Restate the listing below line for line and word for word, without the pictures.

---

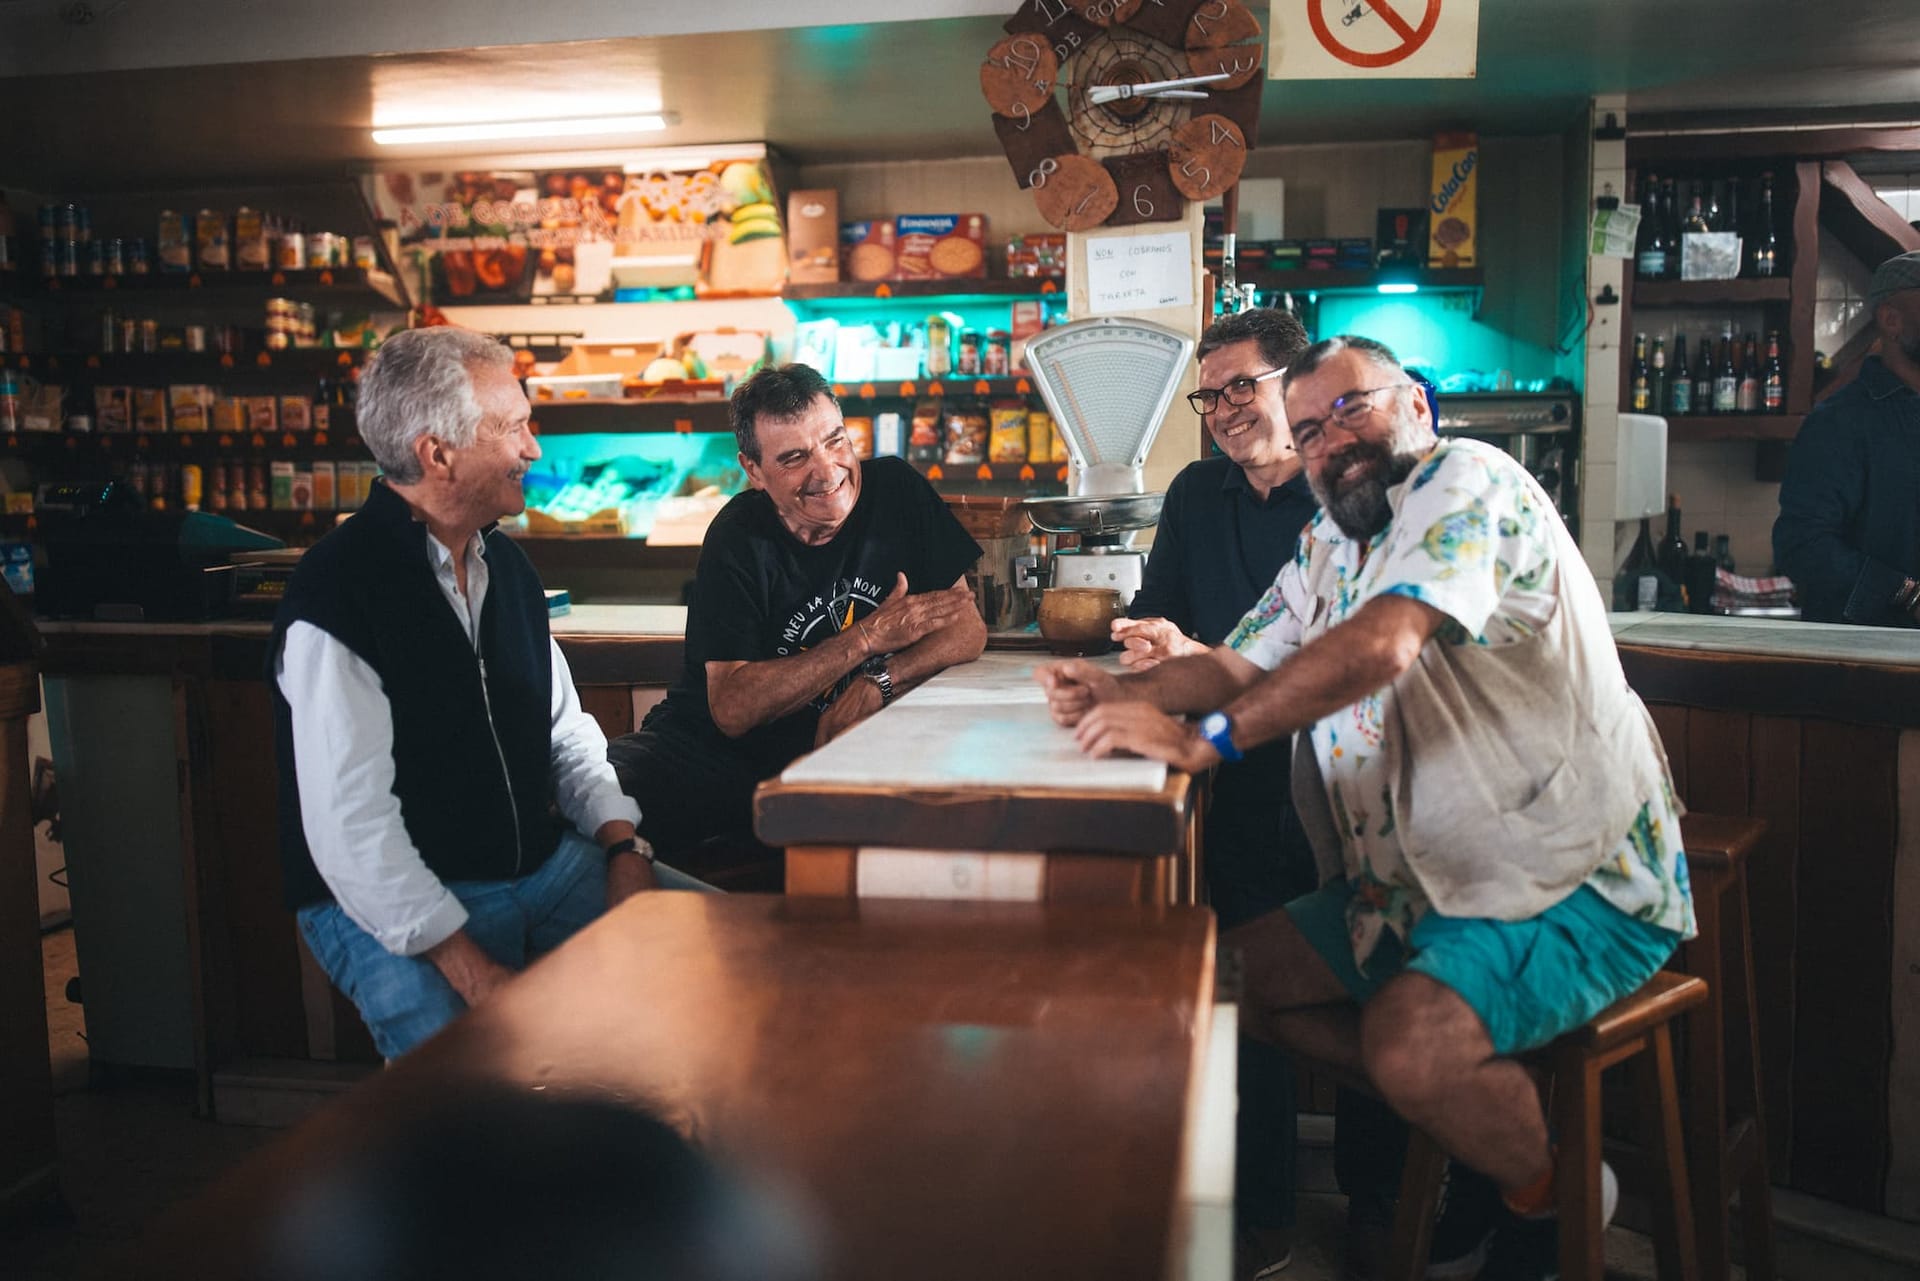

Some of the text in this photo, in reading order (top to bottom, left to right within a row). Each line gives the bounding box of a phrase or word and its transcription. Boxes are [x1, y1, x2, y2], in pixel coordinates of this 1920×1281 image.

[1003, 39, 1040, 80] 10
[1055, 31, 1081, 61] DE
[1011, 102, 1031, 131] 9
[1211, 120, 1240, 147] 4
[1029, 158, 1057, 189] 8
[1182, 158, 1211, 190] 5
[1134, 184, 1155, 217] 6
[1095, 249, 1114, 257] NON
[777, 646, 788, 656] O
[783, 611, 806, 643] MEU
[853, 577, 882, 598] NON
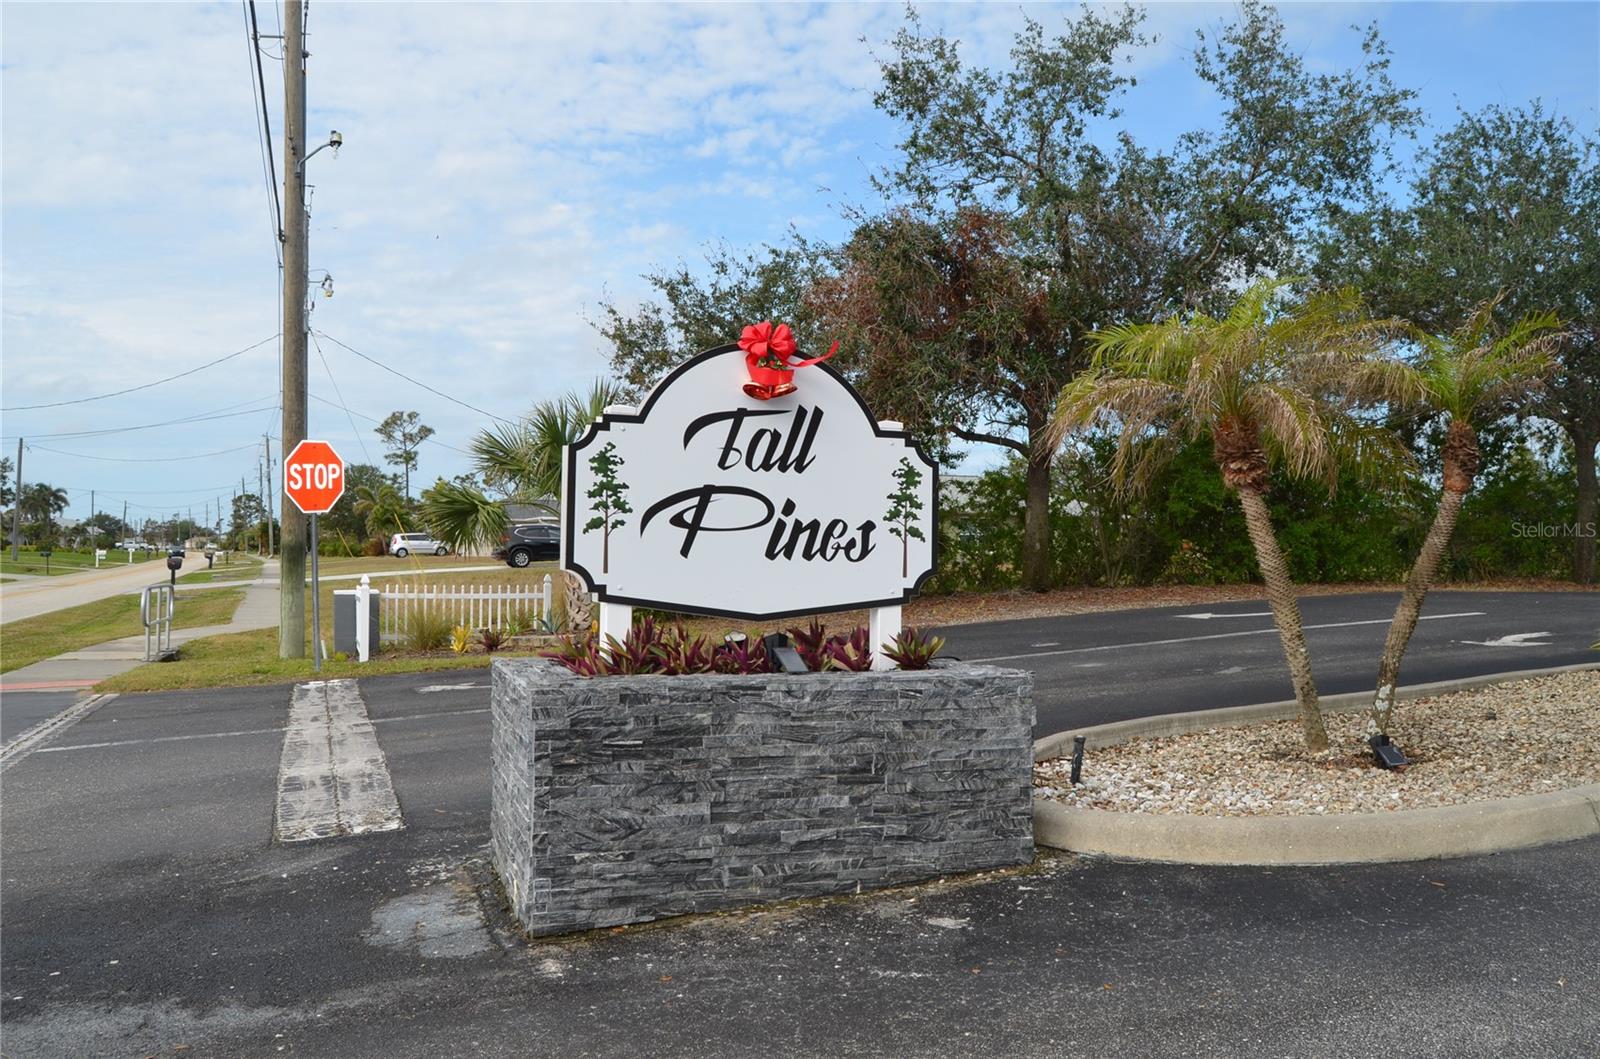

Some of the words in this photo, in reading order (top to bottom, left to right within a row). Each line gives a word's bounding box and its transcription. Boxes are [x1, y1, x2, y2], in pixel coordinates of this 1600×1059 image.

[683, 405, 824, 474] Tall
[289, 463, 341, 490] STOP
[640, 484, 878, 562] Pines

---

* **Reply to the exercise**
Some of the text in this photo, in reading order (top to bottom, left to right within a row). Each line gives the bounding box of a phrase or word and its transcription. Boxes are [x1, y1, x2, y2], in pixel coordinates of this 1920×1281 image.

[1003, 39, 1040, 80] 10
[1055, 31, 1081, 61] DE
[1011, 102, 1031, 131] 9
[1211, 120, 1240, 147] 4
[1029, 158, 1057, 189] 8
[1182, 158, 1211, 190] 5
[1134, 184, 1155, 217] 6
[1095, 249, 1114, 257] NON
[777, 646, 788, 656] O
[783, 611, 806, 643] MEU
[853, 577, 882, 598] NON

Some of the words in this photo, in reading order (top to bottom, left to right within a row). Each line gives a word's bounding box and its transcription. Boxes are [x1, y1, x2, y2], in pixel coordinates of this 1600×1059 image.

[683, 405, 824, 474] Tall
[289, 463, 341, 490] STOP
[640, 484, 878, 562] Pines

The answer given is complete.